WHS grad on front lines of cancer research
A Waterloo High School graduate is putting her extensive education in biology to good use, joining the ongoing fight against cancer.
Jordan Bartlebaugh, the daughter of Diane Lux-Holmen and David Bartlebaugh, graduated from WHS in 2009.
She currently works for Cedilla Therapeutics in Boston, which is a biotech startup company that just launched from Third Rock Ventures and is focused on targeting upstream aspects of native protein degradation pathways to develop new therapies for cancer.
Bartlebaugh graduated with a bachelor’s degree in Biological Sciences from the University of Missouri in 2013. She received her PhD last year from the biology department at the Massachusetts Institute of Technology.
At MIT, Bartlebaugh said she focused on cancer biology and studied a new mechanism of resistance to targeted cancer therapies in B-cell leukemia.
“I discovered that cancer cells can adopt new chromatin landscapes in order to switch lineages as a way to escape therapeutic pressure,” she said.
Bartlebaugh has fond memories of her high school days, and is especially thankful for those WHS teachers who built a strong educational foundation for their students.

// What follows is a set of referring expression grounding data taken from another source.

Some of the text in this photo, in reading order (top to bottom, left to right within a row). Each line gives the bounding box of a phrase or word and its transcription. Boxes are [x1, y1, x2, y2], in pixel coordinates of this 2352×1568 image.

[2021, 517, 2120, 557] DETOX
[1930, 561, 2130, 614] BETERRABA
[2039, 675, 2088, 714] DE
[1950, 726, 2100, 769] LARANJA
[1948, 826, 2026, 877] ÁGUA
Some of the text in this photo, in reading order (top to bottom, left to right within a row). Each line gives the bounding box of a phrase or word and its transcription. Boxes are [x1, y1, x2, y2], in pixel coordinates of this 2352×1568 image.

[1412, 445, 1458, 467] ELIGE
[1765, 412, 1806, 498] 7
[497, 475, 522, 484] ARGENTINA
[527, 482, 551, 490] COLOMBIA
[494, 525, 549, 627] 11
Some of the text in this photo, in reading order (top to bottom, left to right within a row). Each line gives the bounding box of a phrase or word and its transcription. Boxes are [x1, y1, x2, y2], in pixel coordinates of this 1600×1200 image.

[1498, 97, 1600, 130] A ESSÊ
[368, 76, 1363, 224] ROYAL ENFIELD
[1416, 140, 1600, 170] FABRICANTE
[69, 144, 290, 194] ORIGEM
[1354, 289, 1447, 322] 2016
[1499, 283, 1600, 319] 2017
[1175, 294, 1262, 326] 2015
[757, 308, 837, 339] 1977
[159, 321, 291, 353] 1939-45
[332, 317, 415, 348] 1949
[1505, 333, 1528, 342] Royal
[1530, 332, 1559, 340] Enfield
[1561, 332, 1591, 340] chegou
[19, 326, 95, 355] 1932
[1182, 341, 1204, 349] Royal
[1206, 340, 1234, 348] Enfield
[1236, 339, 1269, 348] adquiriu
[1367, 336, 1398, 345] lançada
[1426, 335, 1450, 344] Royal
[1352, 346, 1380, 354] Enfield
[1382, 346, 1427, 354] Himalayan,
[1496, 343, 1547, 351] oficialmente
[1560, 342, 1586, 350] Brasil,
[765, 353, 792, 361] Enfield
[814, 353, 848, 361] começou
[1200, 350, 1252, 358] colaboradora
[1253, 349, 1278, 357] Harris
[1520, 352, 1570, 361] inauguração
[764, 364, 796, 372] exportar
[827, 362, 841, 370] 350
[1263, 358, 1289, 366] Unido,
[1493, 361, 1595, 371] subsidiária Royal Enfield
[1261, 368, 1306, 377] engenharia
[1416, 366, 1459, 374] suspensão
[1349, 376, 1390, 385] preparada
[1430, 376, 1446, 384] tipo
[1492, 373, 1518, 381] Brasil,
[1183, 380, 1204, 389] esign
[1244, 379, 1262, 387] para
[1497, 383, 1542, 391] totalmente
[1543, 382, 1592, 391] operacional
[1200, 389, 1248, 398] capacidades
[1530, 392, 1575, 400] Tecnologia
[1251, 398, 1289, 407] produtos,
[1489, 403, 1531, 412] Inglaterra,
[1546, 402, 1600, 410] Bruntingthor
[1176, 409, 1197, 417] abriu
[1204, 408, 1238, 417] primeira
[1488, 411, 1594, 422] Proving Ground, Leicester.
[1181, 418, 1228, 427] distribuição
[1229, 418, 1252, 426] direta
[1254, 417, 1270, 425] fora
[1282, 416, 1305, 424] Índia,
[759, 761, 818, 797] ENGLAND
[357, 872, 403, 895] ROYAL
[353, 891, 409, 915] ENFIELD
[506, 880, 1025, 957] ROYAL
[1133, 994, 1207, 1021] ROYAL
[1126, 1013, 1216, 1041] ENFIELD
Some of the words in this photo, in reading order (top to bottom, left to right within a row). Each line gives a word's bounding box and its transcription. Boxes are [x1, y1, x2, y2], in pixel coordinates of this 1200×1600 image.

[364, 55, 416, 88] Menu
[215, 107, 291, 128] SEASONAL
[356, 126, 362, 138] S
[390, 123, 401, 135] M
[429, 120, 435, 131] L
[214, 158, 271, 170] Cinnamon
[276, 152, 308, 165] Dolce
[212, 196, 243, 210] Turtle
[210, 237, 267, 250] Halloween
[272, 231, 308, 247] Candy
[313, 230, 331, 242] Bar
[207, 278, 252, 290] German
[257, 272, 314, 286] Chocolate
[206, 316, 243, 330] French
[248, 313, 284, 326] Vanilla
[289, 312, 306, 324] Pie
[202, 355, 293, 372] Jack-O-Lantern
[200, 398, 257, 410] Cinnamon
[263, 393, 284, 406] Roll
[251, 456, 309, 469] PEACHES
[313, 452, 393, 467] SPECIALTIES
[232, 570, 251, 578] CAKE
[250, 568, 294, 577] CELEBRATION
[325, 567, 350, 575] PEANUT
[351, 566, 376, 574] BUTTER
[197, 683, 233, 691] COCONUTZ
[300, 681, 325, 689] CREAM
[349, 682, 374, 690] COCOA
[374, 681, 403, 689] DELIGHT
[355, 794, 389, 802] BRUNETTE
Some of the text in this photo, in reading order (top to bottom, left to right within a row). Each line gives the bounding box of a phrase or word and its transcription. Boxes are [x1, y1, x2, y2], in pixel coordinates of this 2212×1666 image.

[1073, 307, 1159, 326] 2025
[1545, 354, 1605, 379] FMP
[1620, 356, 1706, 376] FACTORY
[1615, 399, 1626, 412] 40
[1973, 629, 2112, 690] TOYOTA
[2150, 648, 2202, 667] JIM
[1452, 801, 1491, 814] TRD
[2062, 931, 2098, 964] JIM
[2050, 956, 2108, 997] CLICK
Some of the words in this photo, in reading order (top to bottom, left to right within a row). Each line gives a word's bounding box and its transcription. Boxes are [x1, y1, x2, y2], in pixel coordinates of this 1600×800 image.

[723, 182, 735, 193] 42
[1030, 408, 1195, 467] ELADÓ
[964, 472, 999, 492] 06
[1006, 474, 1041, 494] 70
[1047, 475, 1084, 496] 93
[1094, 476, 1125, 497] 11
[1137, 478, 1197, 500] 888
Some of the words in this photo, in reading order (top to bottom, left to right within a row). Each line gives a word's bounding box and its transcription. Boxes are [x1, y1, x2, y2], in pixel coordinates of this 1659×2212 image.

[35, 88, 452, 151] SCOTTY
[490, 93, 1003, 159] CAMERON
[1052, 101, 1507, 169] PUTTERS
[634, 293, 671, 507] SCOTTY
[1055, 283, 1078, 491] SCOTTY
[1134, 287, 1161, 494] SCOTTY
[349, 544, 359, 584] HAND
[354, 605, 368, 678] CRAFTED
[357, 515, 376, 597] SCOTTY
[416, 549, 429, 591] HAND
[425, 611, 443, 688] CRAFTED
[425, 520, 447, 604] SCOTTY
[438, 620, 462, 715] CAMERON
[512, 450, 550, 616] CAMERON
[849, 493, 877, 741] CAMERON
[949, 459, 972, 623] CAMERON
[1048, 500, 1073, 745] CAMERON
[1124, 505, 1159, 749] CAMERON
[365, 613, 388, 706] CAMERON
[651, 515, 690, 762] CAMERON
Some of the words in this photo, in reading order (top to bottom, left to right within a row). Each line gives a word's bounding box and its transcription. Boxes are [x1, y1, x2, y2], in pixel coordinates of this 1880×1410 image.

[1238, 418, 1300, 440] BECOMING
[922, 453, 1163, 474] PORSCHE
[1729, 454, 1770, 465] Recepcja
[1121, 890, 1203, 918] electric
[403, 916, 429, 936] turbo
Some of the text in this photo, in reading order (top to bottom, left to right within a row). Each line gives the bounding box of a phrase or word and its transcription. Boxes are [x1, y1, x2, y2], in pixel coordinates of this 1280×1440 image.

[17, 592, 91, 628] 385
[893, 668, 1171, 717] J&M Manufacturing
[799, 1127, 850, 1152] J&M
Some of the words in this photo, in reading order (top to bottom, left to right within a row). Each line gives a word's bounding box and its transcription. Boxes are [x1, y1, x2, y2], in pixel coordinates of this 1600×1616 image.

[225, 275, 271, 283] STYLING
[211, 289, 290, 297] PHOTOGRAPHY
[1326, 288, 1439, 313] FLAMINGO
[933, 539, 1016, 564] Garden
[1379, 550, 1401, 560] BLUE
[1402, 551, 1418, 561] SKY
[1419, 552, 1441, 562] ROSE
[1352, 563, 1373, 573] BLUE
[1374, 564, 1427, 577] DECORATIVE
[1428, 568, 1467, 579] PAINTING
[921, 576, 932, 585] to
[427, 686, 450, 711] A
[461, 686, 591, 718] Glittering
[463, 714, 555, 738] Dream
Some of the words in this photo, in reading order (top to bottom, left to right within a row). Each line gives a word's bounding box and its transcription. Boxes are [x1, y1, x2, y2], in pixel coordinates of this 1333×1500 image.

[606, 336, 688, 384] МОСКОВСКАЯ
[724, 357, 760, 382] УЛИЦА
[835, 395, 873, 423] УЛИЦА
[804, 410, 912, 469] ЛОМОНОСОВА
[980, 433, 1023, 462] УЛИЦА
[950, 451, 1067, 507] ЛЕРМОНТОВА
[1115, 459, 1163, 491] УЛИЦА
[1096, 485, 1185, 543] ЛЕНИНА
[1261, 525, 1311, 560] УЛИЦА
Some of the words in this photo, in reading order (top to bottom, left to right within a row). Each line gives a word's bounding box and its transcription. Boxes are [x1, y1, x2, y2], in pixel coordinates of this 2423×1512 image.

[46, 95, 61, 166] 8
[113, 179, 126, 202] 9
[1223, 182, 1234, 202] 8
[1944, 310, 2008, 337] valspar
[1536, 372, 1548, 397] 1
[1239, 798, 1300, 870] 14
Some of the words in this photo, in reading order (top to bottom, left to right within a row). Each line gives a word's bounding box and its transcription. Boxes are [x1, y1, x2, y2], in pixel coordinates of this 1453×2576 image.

“I specifically appreciate everything I learned from Lisa Tiedemann and Randy Halleran, who fostered my initial interests in the field of science,” she said. “Ms. Tiedemann allowed many of us Chem II students to study in her classroom countless mornings and lunches, and unbeknownst to me, began a long personal tradition of being part of a team that tackles tough scientific questions.”
Bartlebaugh is continuing that tradition by tackling one of the toughest scientific questions of all.